TASK PROMPT →
Each record below needs to be retyped exactly.

Text-to-region grounding data →
BEGIN
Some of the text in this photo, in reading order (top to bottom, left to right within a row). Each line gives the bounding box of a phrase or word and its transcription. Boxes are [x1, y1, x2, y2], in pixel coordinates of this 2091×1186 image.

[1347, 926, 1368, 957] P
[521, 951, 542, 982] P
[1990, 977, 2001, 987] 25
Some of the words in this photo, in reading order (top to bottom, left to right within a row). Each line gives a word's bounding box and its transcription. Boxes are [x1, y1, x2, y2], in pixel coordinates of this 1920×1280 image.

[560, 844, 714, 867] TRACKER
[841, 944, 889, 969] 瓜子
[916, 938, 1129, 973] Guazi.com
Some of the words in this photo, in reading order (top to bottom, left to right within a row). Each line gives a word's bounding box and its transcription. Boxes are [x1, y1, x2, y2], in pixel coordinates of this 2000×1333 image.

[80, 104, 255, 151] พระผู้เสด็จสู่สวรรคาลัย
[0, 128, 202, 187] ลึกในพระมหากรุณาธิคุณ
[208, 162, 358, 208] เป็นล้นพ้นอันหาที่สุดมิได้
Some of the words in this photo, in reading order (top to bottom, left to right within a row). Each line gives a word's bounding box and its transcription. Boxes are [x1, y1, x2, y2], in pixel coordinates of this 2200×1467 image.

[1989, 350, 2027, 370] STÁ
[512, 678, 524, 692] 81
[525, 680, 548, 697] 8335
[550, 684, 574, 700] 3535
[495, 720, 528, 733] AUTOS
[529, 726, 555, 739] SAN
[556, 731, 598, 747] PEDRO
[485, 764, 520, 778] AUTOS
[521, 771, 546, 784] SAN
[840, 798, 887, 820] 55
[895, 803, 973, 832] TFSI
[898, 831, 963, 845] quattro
END
ANSWER SPACE →
Some of the text in this photo, in reading order (top to bottom, left to right within a row). Each line gives the bounding box of a phrase or word and its transcription. Boxes are [x1, y1, x2, y2], in pixel coordinates of this 2091×1186 image.

[1347, 926, 1368, 957] P
[521, 951, 542, 982] P
[1990, 977, 2001, 987] 25
Some of the words in this photo, in reading order (top to bottom, left to right within a row). Each line gives a word's bounding box and its transcription. Boxes are [x1, y1, x2, y2], in pixel coordinates of this 1920×1280 image.

[560, 844, 714, 867] TRACKER
[841, 944, 889, 969] 瓜子
[916, 938, 1129, 973] Guazi.com
Some of the words in this photo, in reading order (top to bottom, left to right within a row). Each line gives a word's bounding box and its transcription. Boxes are [x1, y1, x2, y2], in pixel coordinates of this 2000×1333 image.

[80, 104, 255, 151] พระผู้เสด็จสู่สวรรคาลัย
[0, 128, 202, 187] ลึกในพระมหากรุณาธิคุณ
[208, 162, 358, 208] เป็นล้นพ้นอันหาที่สุดมิได้
Some of the words in this photo, in reading order (top to bottom, left to right within a row). Each line gives a word's bounding box and its transcription. Boxes are [x1, y1, x2, y2], in pixel coordinates of this 2200×1467 image.

[1989, 350, 2027, 370] STÁ
[512, 678, 524, 692] 81
[525, 680, 548, 697] 8335
[550, 684, 574, 700] 3535
[495, 720, 528, 733] AUTOS
[529, 726, 555, 739] SAN
[556, 731, 598, 747] PEDRO
[485, 764, 520, 778] AUTOS
[521, 771, 546, 784] SAN
[840, 798, 887, 820] 55
[895, 803, 973, 832] TFSI
[898, 831, 963, 845] quattro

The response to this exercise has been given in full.